[Dataset items]
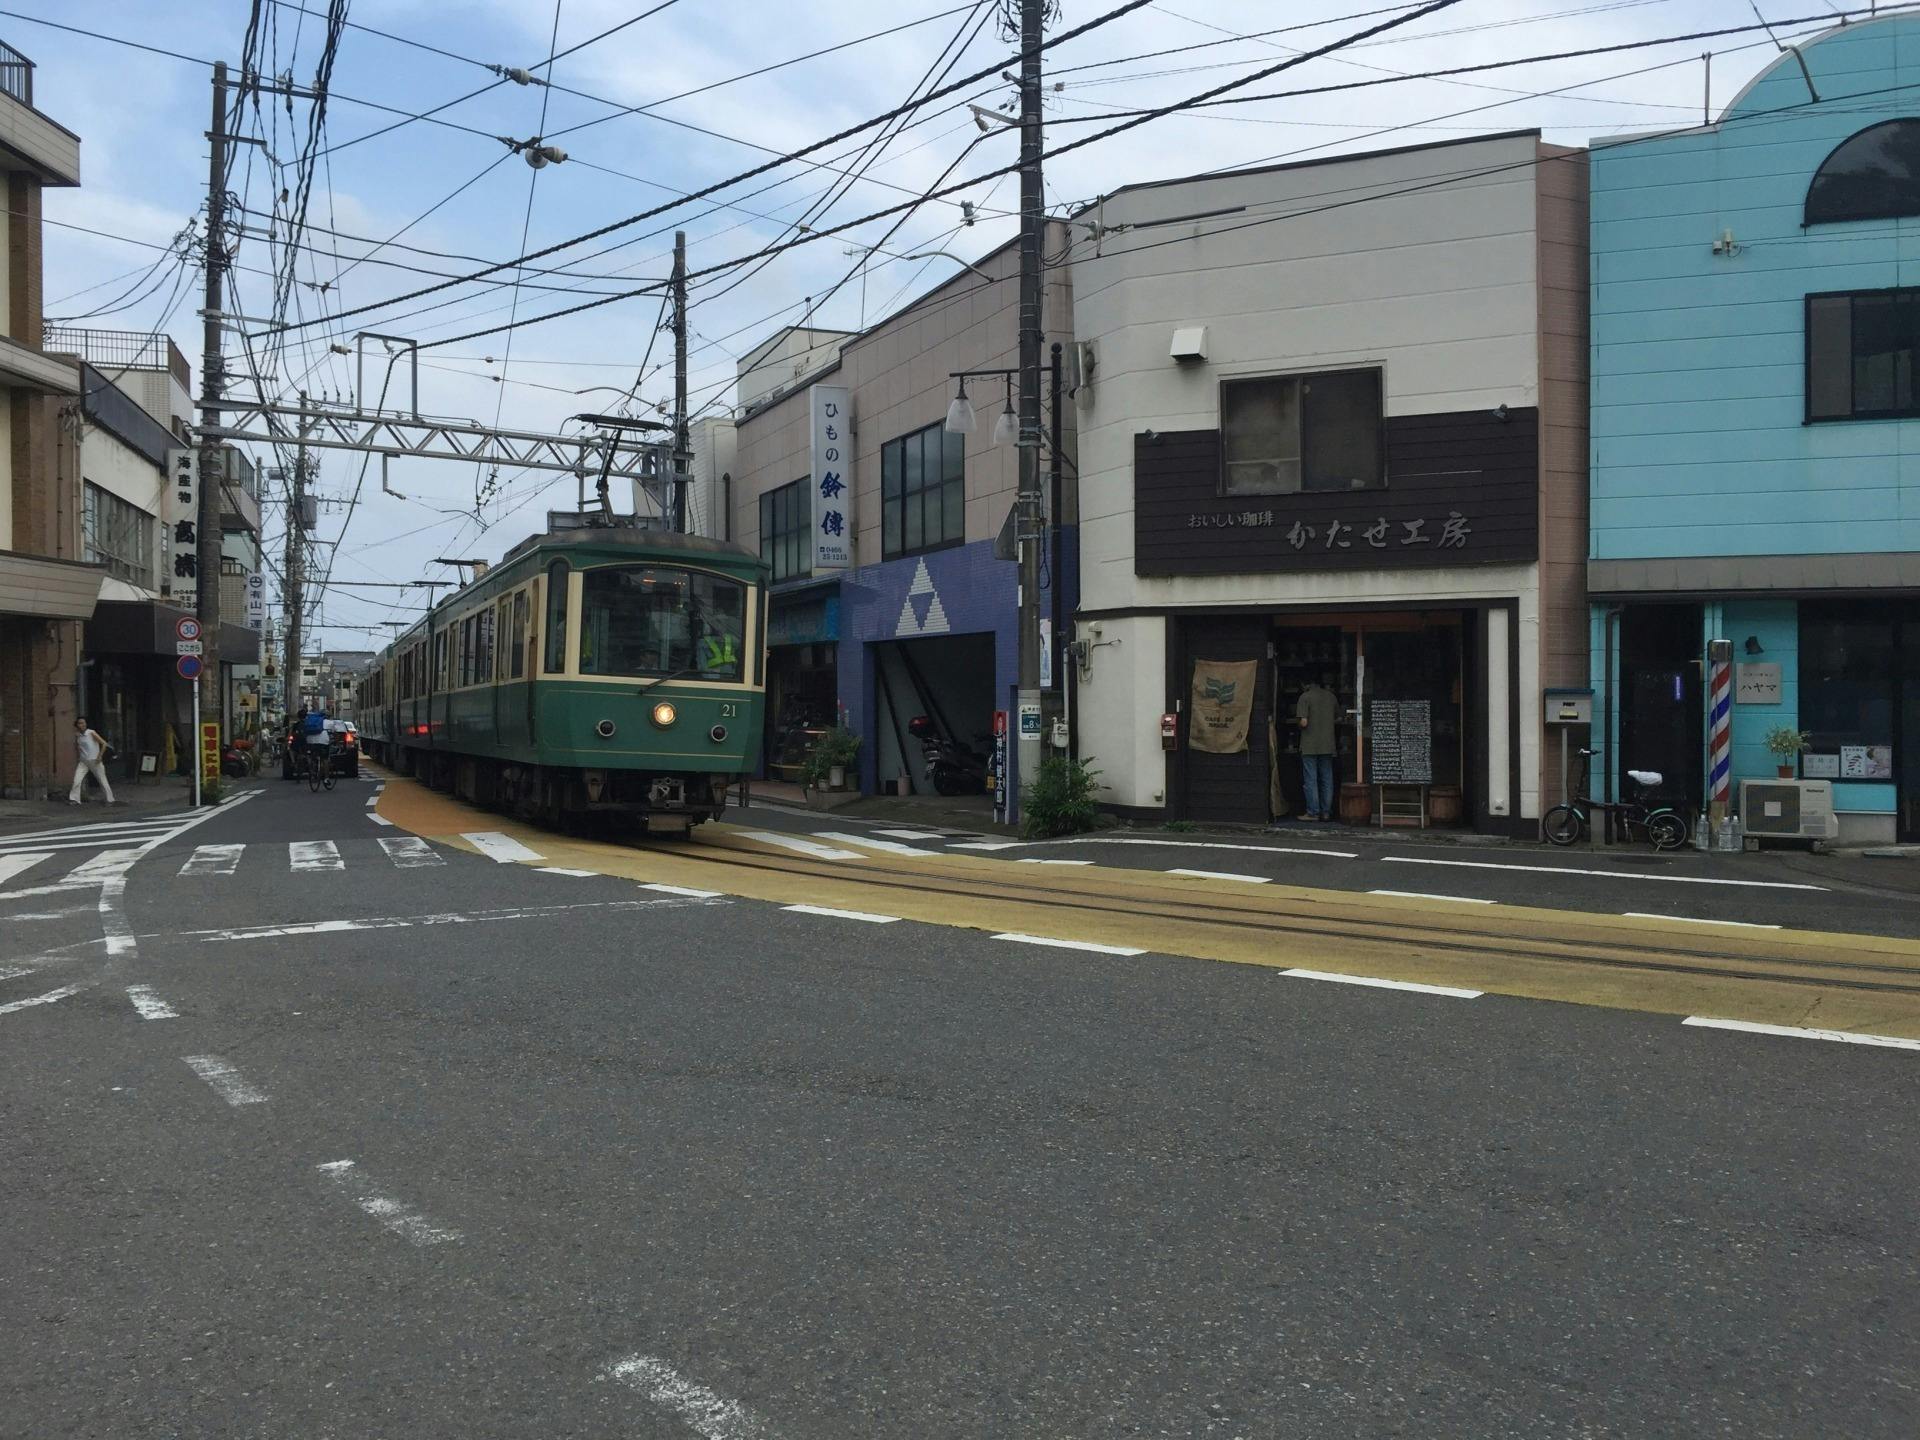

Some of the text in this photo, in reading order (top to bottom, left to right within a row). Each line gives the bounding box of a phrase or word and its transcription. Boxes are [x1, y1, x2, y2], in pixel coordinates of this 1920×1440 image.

[824, 402, 839, 463] ひもの
[1187, 510, 1472, 550] おいしい珈琲 かたせ工房
[183, 624, 196, 635] 30
[722, 704, 736, 717] 21
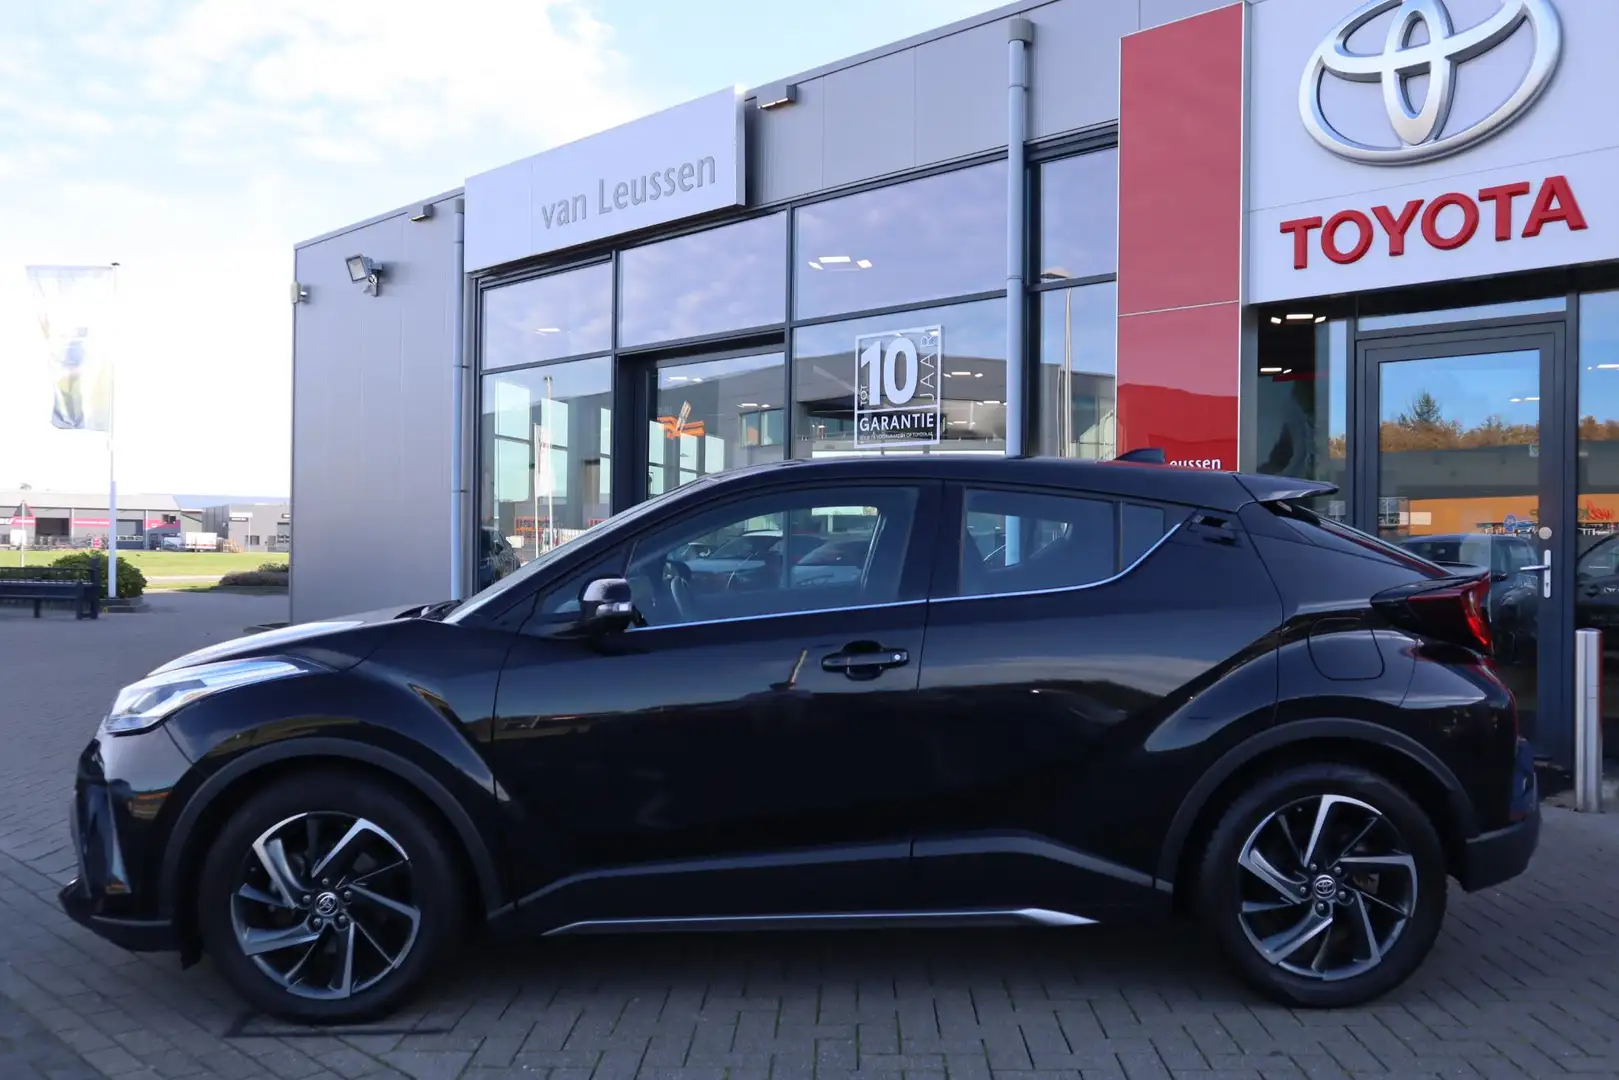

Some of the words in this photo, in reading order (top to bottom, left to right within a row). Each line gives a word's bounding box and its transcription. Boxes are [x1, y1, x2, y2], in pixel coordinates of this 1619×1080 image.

[541, 193, 587, 230] van
[598, 155, 716, 216] Leussen
[1279, 174, 1589, 271] TOYOTA
[860, 337, 918, 406] 10
[860, 384, 868, 406] TOT
[919, 335, 937, 402] JAAR
[859, 412, 935, 432] GARANTIE
[1169, 459, 1221, 470] eussen

§ **DIRECTIONS**
Print the data again word for word, pictures excluded.

§ **TASK ANSWER**
Some of the text in this photo, in reading order (top to bottom, left to right within a row). Each line gives the bounding box of a phrase or word and its transcription. Boxes are [x1, y1, x2, y2], in pixel coordinates of this 1920×1440 image.

[824, 402, 839, 463] ひもの
[1187, 510, 1472, 550] おいしい珈琲 かたせ工房
[183, 624, 196, 635] 30
[722, 704, 736, 717] 21

Some of the words in this photo, in reading order (top to bottom, left to right within a row). Each line gives a word's bounding box and its transcription. Boxes are [x1, y1, x2, y2], in pixel coordinates of this 1619×1080 image.

[541, 193, 587, 230] van
[598, 155, 716, 216] Leussen
[1279, 174, 1589, 271] TOYOTA
[860, 337, 918, 406] 10
[860, 384, 868, 406] TOT
[919, 335, 937, 402] JAAR
[859, 412, 935, 432] GARANTIE
[1169, 459, 1221, 470] eussen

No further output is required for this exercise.